Researchers at Columbia University’s medical and engineering schools are developing 3D-printed microneedles that may safely deliver drugs to the largely inaccessible inner ear.
Because of the ear’s anatomy, delivering drugs—including promising gene therapies and other drugs for hearing loss—to the inner ear is challenging. The inner ear is almost completely surrounded by bone, and is shielded from substances in nearby blood vessels by a barrier similar to the blood-brain barrier.
3D-printed microneedles that pierce a tiny membrane separating the inner and middle ear may be one answer. The microneedle shaft is as thick as a human hair, with a tip that has a radius less than 1% of that dimension.

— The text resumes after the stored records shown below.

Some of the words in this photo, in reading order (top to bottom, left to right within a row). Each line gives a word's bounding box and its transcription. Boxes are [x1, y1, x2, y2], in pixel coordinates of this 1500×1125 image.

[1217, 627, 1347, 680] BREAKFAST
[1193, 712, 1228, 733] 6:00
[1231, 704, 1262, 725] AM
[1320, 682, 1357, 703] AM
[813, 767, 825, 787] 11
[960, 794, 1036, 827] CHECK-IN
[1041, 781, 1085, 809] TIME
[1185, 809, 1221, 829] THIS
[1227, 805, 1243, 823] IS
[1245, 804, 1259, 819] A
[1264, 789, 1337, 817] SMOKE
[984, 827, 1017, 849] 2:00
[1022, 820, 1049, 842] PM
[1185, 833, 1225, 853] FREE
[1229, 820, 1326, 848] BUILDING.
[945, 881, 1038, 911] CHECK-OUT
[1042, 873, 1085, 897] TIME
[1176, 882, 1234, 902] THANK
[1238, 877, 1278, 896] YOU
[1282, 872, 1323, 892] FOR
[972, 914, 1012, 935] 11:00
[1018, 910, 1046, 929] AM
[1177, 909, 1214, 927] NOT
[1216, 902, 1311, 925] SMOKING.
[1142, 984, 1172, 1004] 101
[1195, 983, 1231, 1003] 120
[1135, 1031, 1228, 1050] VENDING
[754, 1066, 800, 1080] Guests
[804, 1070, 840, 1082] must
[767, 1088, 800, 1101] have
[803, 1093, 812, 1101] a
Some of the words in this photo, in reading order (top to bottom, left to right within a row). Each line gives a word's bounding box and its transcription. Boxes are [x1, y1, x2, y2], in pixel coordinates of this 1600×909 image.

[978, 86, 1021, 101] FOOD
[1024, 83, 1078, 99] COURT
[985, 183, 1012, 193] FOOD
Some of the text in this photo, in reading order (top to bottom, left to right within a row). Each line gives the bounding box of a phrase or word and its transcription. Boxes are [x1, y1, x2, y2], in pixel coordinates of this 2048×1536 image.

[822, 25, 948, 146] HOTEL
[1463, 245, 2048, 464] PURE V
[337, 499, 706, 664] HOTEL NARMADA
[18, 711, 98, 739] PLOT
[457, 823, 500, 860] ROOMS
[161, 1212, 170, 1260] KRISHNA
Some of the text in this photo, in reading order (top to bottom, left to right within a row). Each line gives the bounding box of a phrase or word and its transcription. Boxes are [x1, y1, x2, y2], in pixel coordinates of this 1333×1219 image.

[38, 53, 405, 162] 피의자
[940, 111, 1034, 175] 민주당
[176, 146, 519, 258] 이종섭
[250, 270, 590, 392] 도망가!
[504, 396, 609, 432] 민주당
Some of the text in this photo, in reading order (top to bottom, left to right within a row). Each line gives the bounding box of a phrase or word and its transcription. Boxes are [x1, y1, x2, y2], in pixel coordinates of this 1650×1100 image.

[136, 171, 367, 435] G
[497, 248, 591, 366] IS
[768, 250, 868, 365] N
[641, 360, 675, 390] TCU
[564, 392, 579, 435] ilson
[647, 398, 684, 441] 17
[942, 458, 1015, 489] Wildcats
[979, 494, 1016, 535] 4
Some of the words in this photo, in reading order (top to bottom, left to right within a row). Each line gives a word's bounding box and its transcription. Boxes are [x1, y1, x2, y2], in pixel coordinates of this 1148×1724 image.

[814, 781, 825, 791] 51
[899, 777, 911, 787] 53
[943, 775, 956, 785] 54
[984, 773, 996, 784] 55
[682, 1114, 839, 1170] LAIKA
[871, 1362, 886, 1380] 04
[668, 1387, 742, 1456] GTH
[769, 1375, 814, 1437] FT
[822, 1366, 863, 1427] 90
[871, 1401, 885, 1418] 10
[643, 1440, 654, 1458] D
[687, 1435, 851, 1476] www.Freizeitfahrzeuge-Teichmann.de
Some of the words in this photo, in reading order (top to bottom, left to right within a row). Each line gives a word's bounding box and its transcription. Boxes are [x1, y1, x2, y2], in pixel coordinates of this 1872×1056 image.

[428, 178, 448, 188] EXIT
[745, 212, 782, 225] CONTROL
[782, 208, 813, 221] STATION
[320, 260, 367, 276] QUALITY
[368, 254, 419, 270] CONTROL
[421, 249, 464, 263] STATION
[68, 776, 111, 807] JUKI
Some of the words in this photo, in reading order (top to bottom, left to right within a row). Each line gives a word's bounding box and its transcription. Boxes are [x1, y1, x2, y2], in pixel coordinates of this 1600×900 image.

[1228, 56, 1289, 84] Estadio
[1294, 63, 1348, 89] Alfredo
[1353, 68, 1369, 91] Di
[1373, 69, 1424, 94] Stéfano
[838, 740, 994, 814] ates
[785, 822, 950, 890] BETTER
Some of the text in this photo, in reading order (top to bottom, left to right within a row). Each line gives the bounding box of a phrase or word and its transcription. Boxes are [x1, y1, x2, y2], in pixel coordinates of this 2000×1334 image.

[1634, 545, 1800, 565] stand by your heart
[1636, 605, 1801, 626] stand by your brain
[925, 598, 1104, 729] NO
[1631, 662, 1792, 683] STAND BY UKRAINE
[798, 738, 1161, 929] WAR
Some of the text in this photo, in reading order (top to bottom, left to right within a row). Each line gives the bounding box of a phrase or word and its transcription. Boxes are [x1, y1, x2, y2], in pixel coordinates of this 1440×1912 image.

This ultra-sharp tip causes minimal damage because it pushes aside—rather than cuts—the membrane’s structural fibers.
In trials, drugs delivered through a single perforation to guinea pig ear membranes quickly diffused into the inner ear. Perforations begin to heal within 24–48 hours, with complete closure by one week, and hearing returns to normal within a day.
The microneedles also can create precise perforations in thicker human membranes without traveling too far into the inner ear and damaging intracochlear structures.
The researchers’ next step—hollow microneedles—will explore the use of microneedles for direct injection of therapies.
The research appears in two papers published in the journal Otology & Neurotology.